Así que tristemente tuve que eliminar telarañas, espantar hormigas con sal y fumigar para que las arañas no se convirtieran en mi verdugo. Hoy, ya casi nadie queda, excepto las moscas y yo, y el ratón que cada noche hace su cama sobre la mía. Y es que ocupar una casa vacía es como empezar una vida, otra vida: limpiar telerañas que nos hacen sentir atrapados, matar moscas que rondan por la cabeza, fumigar arañas que nos persiguen en noches de insomnio y dormir con ratones que aunque nos producen miedo con su rasguñar en la madera, nos hacen conocer lo valientes que podemos llegar a ser.
Esta mañana encontré tres caracoles hibernando en mis ollas. Los tomé con suavidad, comprobé que no fueran sólo sus corazas y al ver que estaban allá dentro guardaditos, salí y los pegué en la fachada de casa. Pensé: ¡si así de fácil fuera mudarnos cuando estamos en el lugar equivocado, y adaptarnos al nuevo! si alguien nos enseñara cuál es el sitio correcto...

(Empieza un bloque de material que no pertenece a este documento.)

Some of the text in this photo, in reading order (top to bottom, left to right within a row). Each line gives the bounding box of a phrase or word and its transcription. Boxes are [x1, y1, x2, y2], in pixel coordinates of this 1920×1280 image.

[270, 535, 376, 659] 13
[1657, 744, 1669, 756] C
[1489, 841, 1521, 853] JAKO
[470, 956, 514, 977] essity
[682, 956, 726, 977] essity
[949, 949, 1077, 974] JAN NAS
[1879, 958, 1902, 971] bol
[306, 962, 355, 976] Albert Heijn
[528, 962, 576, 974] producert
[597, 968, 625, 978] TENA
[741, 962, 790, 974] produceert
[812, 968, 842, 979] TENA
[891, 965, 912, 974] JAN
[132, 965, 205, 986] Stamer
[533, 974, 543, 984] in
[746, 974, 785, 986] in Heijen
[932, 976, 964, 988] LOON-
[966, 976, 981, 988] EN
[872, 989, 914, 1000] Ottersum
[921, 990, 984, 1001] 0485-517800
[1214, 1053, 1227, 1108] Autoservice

Esta nueva casa en la que vivo, me ha hecho pensar que en toda convivencia es necesaria la tolerancia y por lo tanto la aceptación de la manera de ser del otro, del caracol que se equivoca de hábitat y, en mi caso, la tolerancia hacia mí misma, aprendiendo a conocerme, porque en esta casa -excepto los insectos- no habito más que yo.

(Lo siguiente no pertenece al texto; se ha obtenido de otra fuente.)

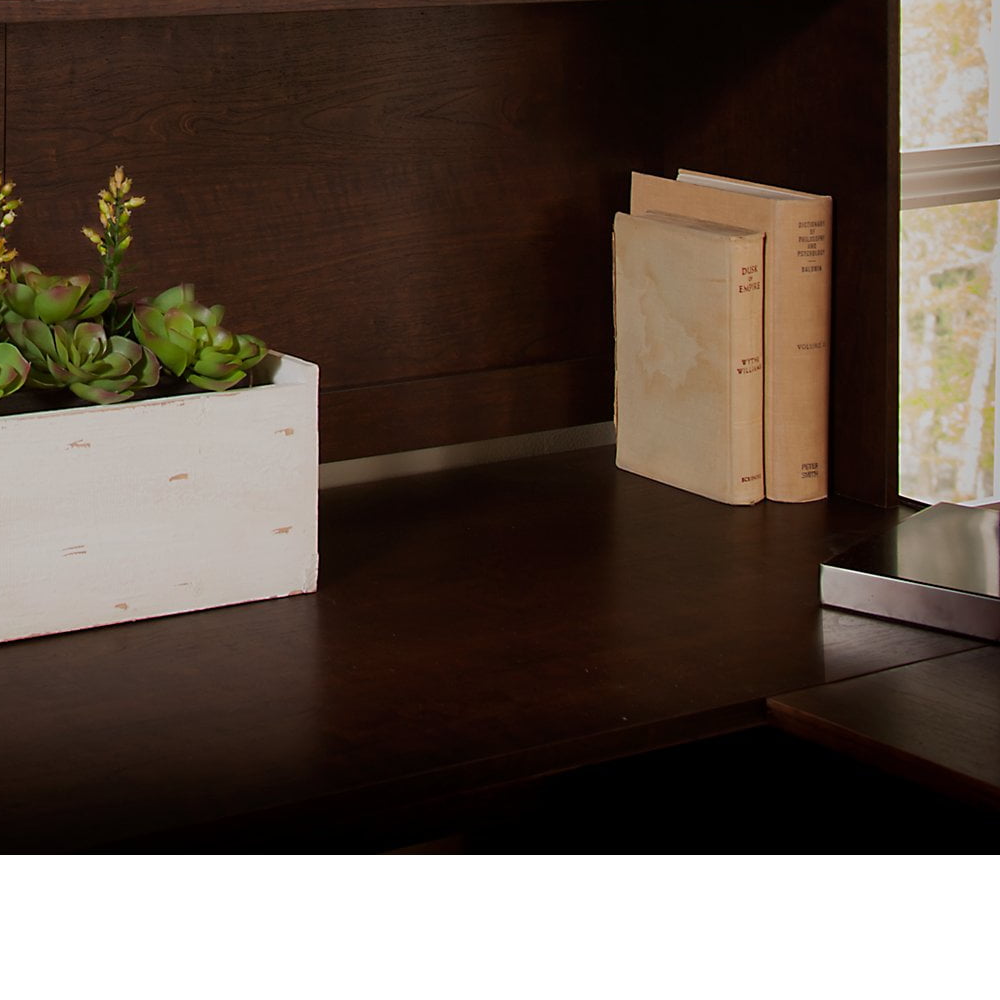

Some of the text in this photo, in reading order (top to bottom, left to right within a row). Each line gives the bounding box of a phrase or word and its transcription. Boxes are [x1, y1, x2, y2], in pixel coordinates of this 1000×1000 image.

[741, 265, 758, 276] DUSK
[738, 281, 761, 294] EMPIRE
[801, 462, 819, 470] PETER
[800, 470, 819, 479] SMITH

Y quizá el miedo a la soledad sea ese: enfrentarse a uno mismo, no tener distracciones que lo aislen del propio sentir, más relaciones que hagan aflorar el ser sociable que llevamos dentro... la soledad implica estar en silencio y entablar conversaciones con uno mismo, y darse cuenta de cuán molesta, simpática, patética, sensible o insoportable puedo resultar para mí. Y en ese escuchar también conocer lo que siente el interior, sus necesidades, sus temores, sus aficiones, sus sueños... inventar maneras para no aburrirse, valorar las comodidades de la ciudad, la tranquilidad del campo, aceptar las limitaciones de la vida rural y aprender a sortearlas con paciencia.